What you need to do -
Since pictures are not part of the copy, please output only the lines from the one with "Some of the text" through the end of the data below, exactly as written.

Records -
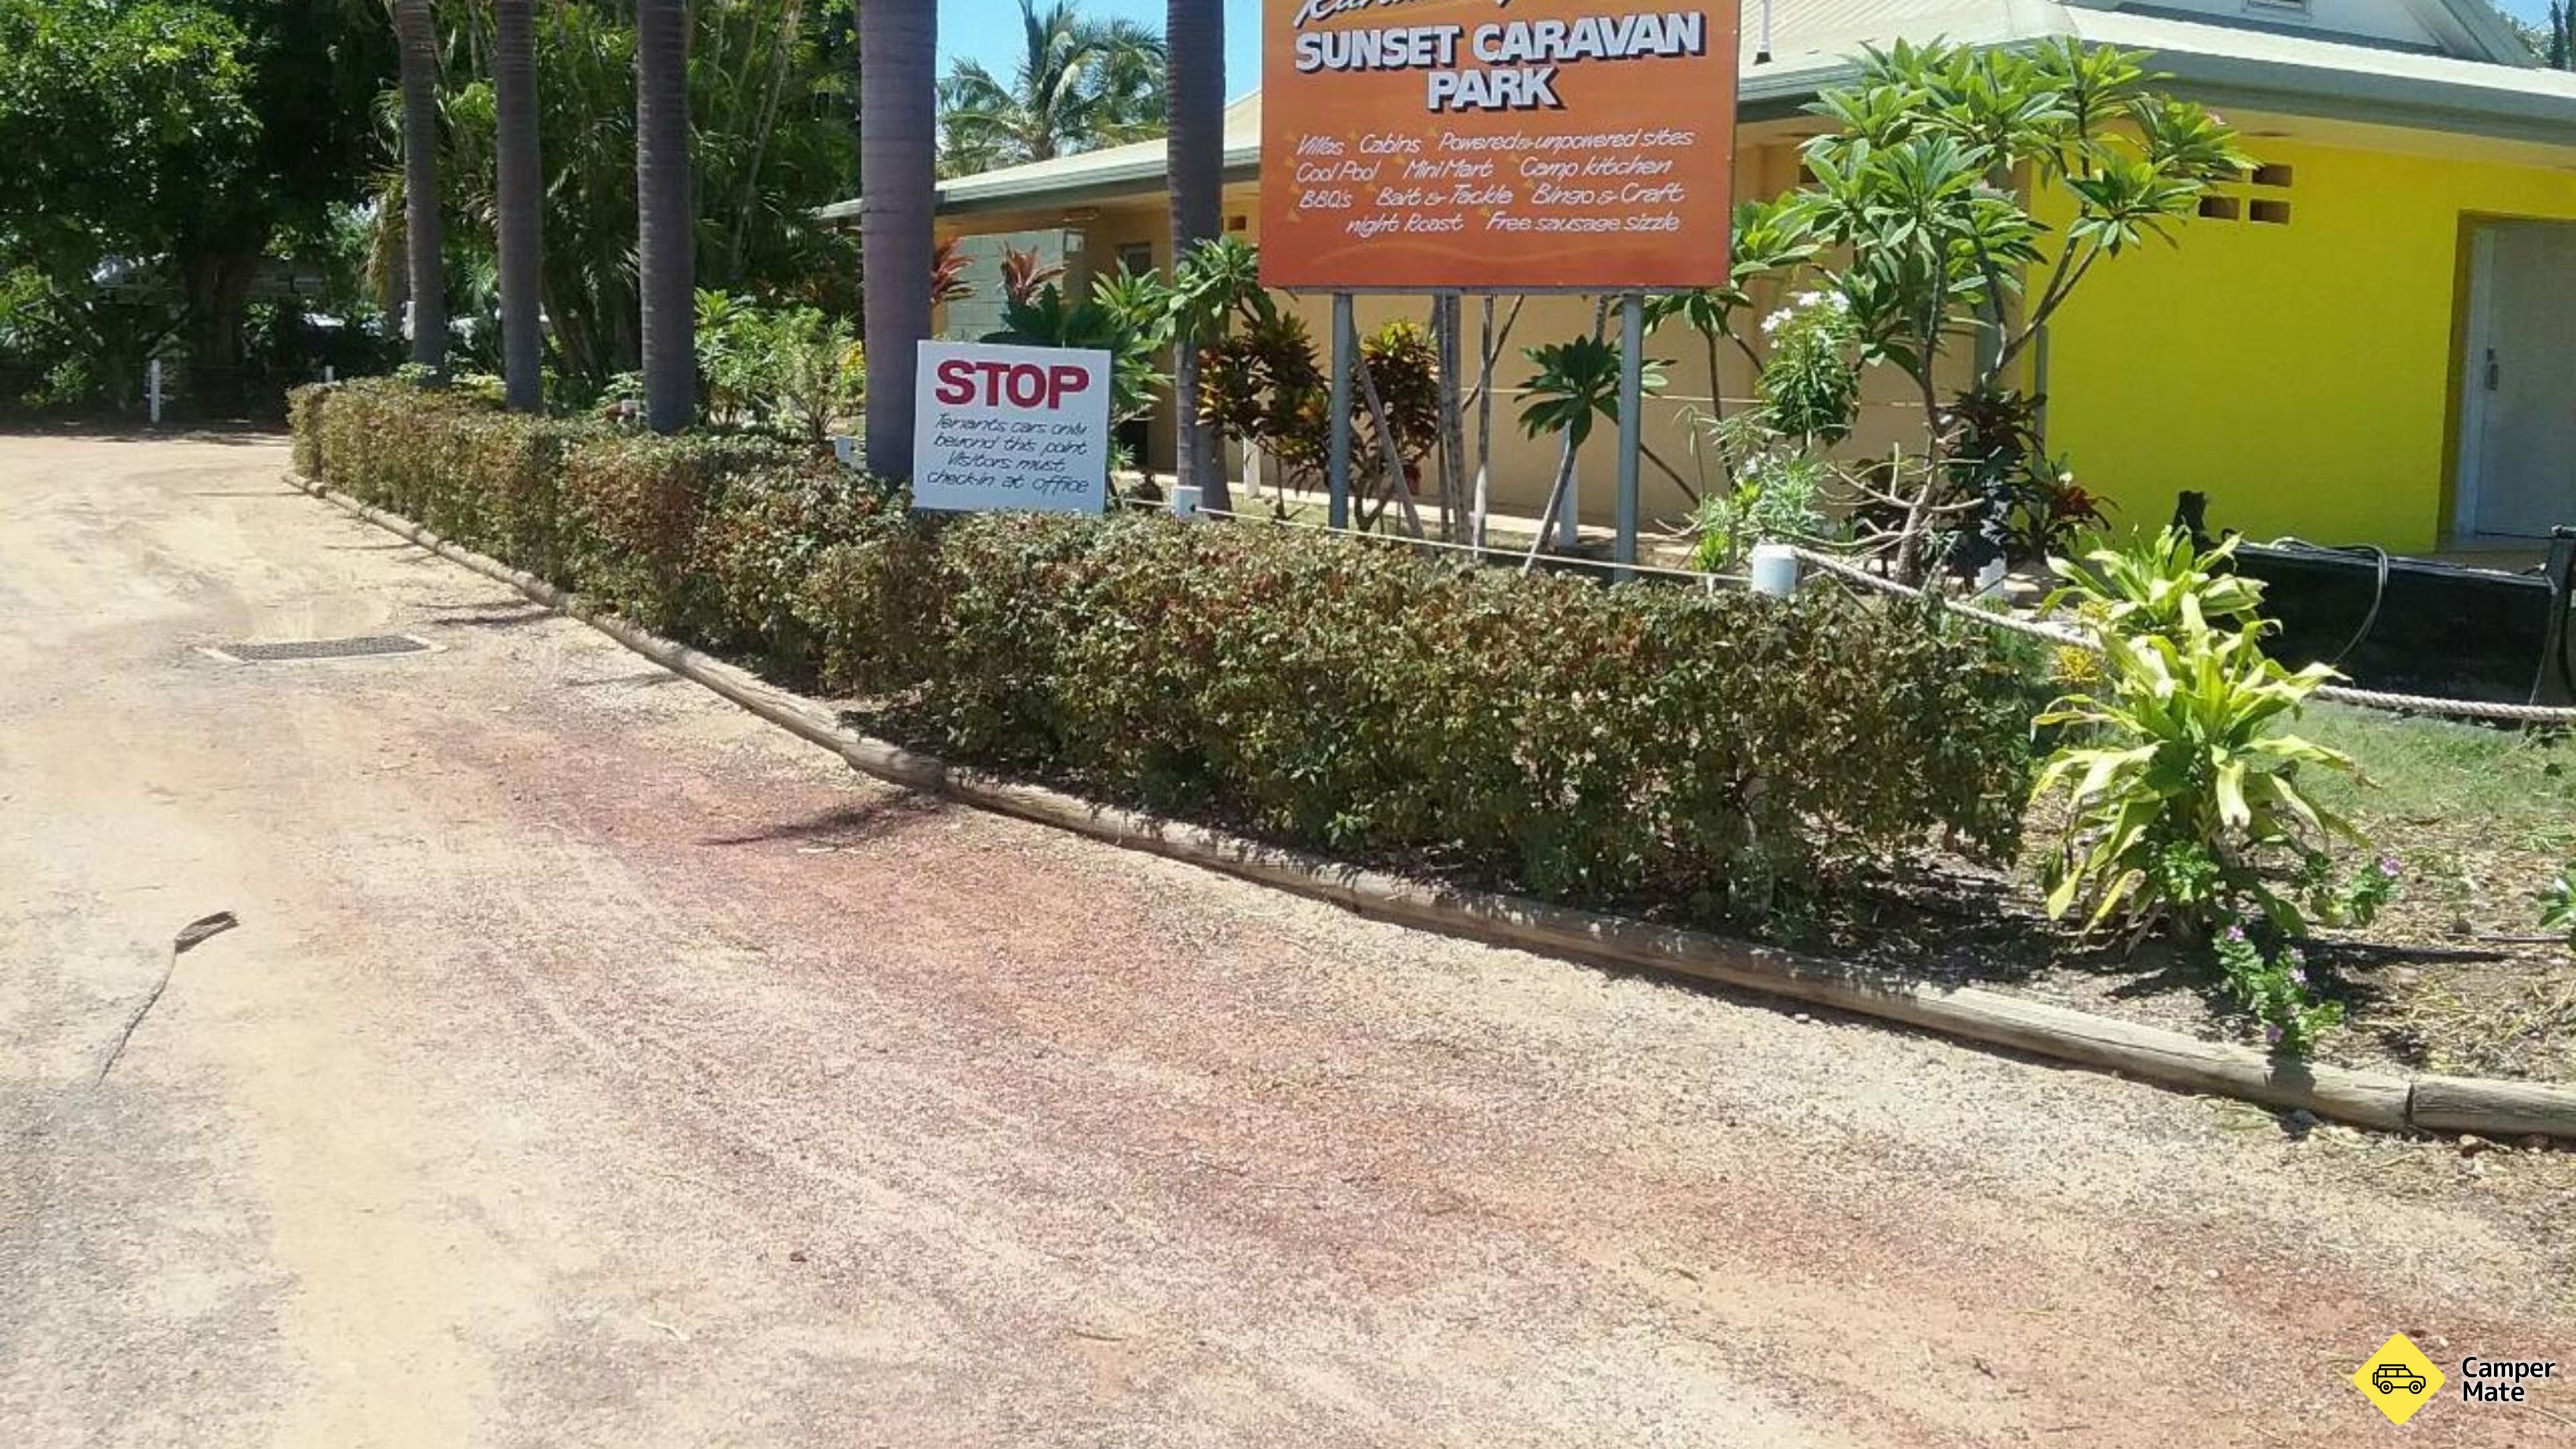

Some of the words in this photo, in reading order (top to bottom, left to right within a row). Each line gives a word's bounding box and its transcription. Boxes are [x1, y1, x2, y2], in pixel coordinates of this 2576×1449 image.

[1295, 25, 1464, 72] SUNSET
[1472, 11, 1706, 66] CARAVAN
[1428, 67, 1565, 111] PARK
[1297, 134, 1346, 156] Villas
[1359, 133, 1423, 154] Cabins
[1640, 128, 1696, 147] sites
[1520, 156, 1578, 182] Camp
[1582, 154, 1672, 176] kitchen
[1299, 189, 1353, 209] BBQ's
[1376, 185, 1422, 207] Bait
[1425, 191, 1447, 207] &
[1449, 183, 1513, 205] Tackle
[1531, 182, 1595, 205] Bingo
[1596, 189, 1618, 204] &
[1621, 182, 1685, 204] Craft
[1346, 213, 1399, 240] night
[1404, 212, 1464, 232] Roast
[1486, 211, 1530, 232] Free
[1535, 216, 1620, 232] sausage
[1624, 211, 1680, 232] sizzle
[935, 359, 1090, 410] STOP
[935, 413, 1007, 432] Tenants
[1011, 422, 1046, 433] cars
[1052, 421, 1087, 435] only
[933, 432, 1000, 449] beyond
[1004, 436, 1036, 451] this
[1040, 440, 1087, 456] point
[947, 450, 1013, 469] Visitors
[1016, 458, 1066, 472] must
[1002, 475, 1025, 489] at
[1032, 475, 1089, 497] office
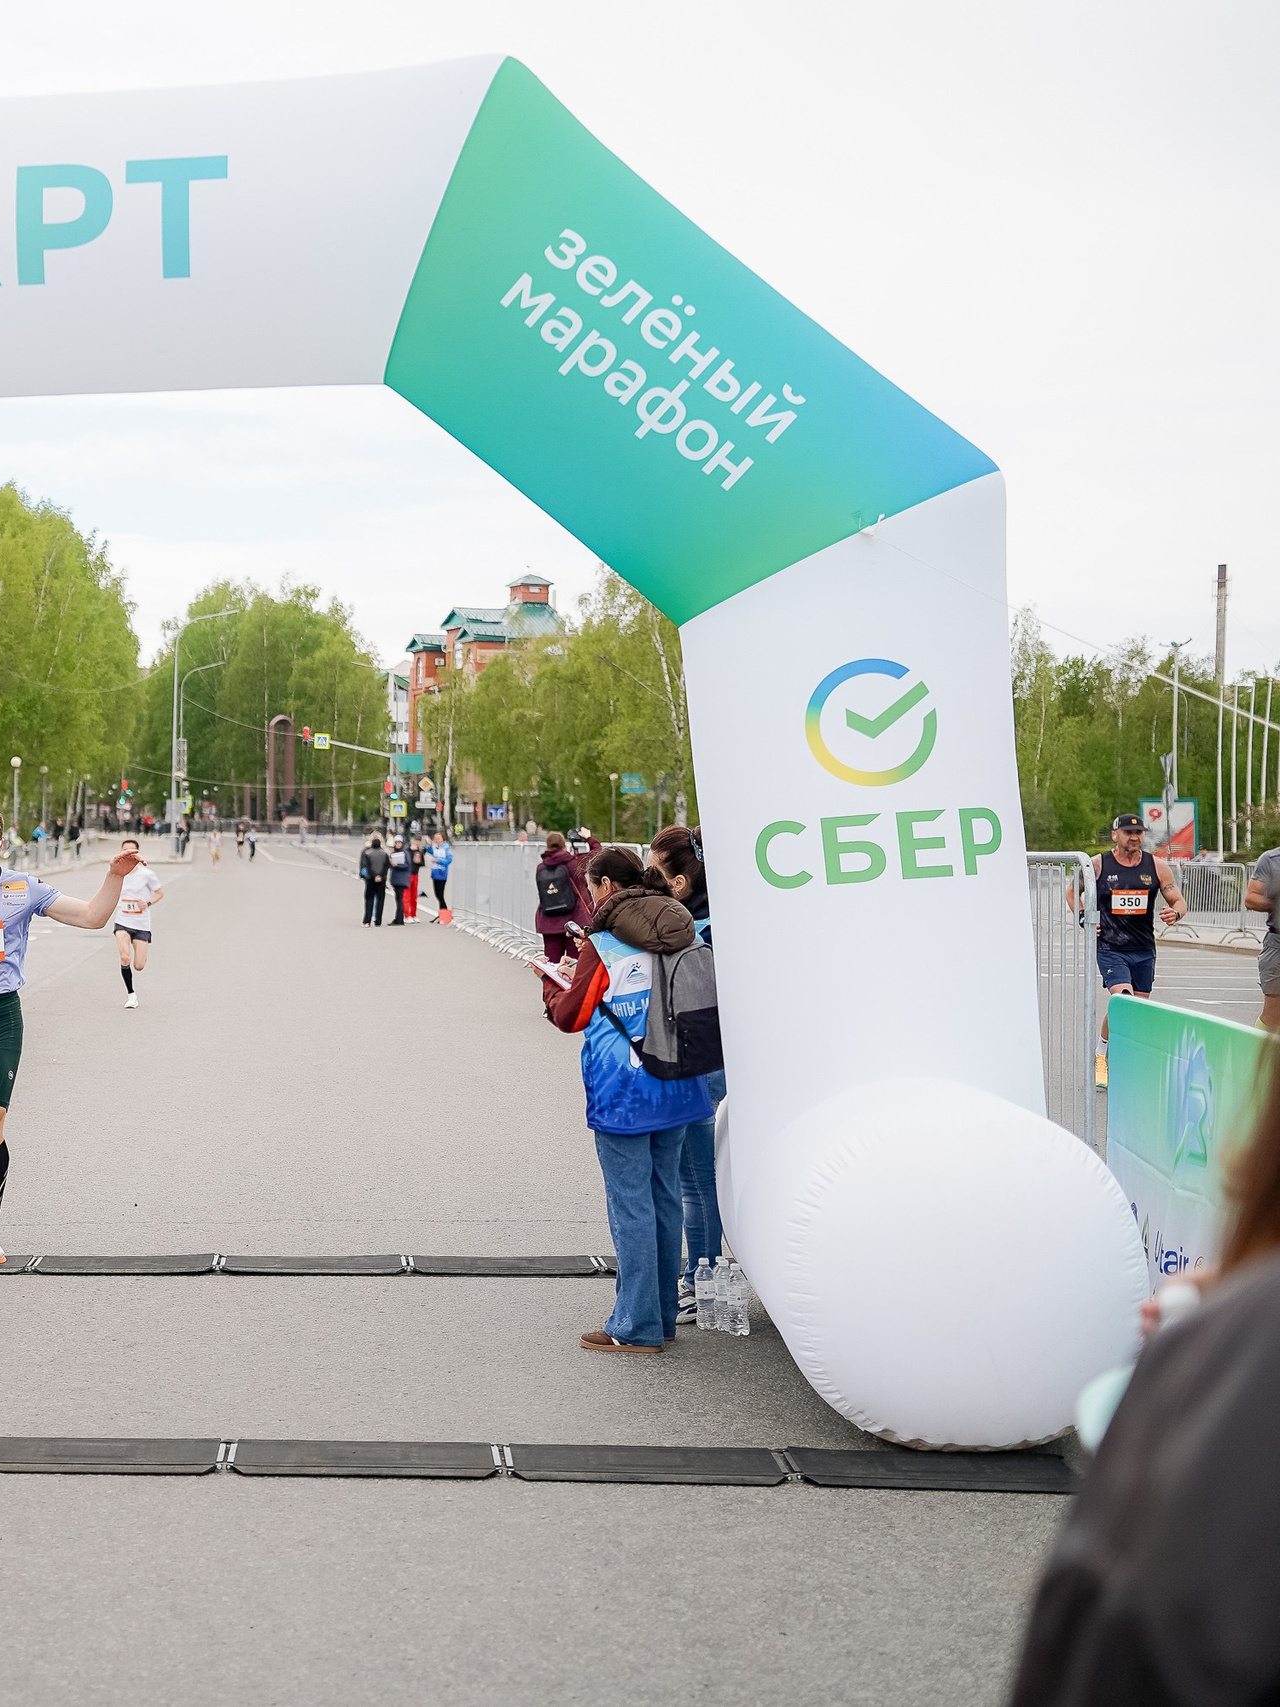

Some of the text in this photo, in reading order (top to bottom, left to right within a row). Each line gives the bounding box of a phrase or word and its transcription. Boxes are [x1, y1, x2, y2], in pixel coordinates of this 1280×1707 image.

[500, 272, 754, 491] марафон
[544, 228, 806, 444] зелёный
[755, 807, 1002, 889] СБЕР
[1119, 897, 1141, 907] 350
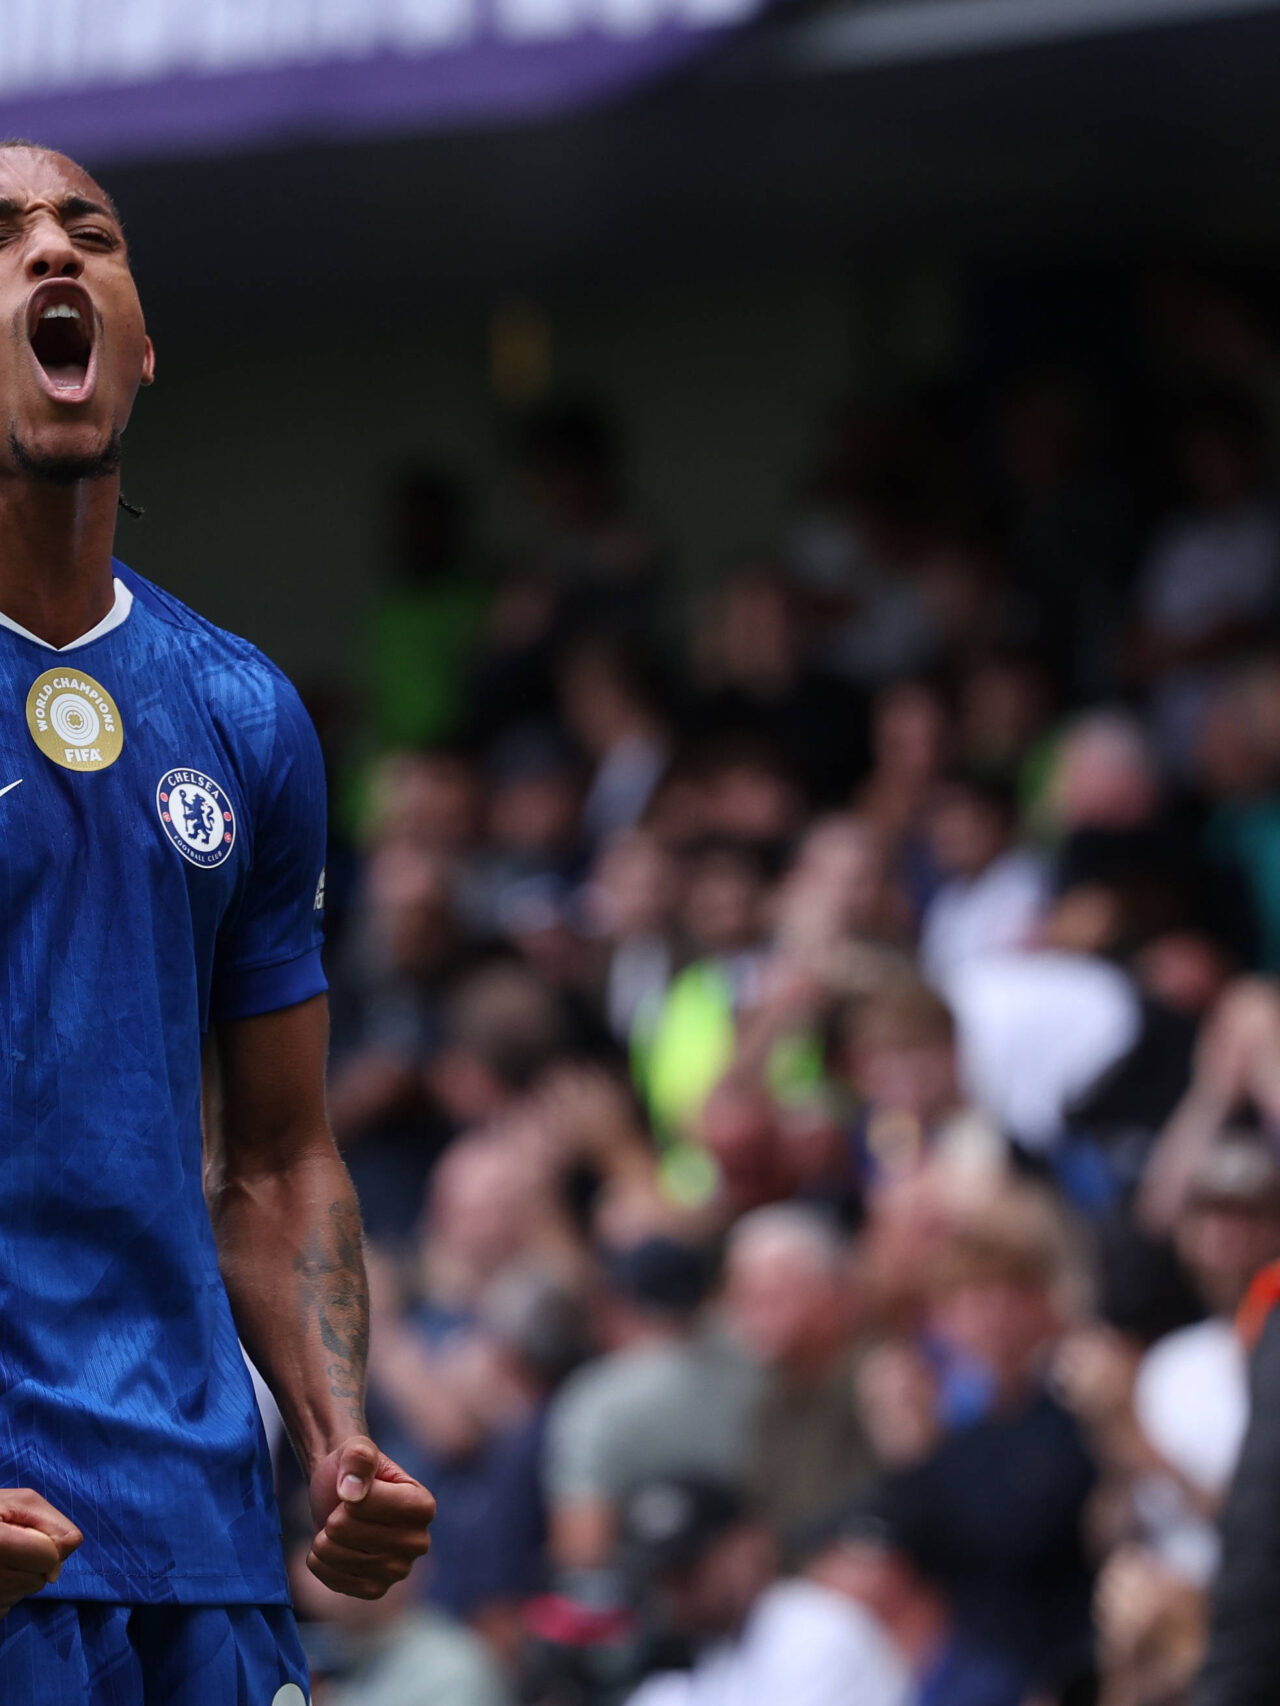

Task result -
Some of the text in this photo, in reading order (top to bottom, left to right within a row). Each line gives the bounding box of a phrase or word and its transcription. Boxes are [x1, y1, x2, y2], in pixel coordinates of this 1280×1707 image.

[500, 272, 754, 491] марафон
[544, 228, 806, 444] зелёный
[755, 807, 1002, 889] СБЕР
[1119, 897, 1141, 907] 350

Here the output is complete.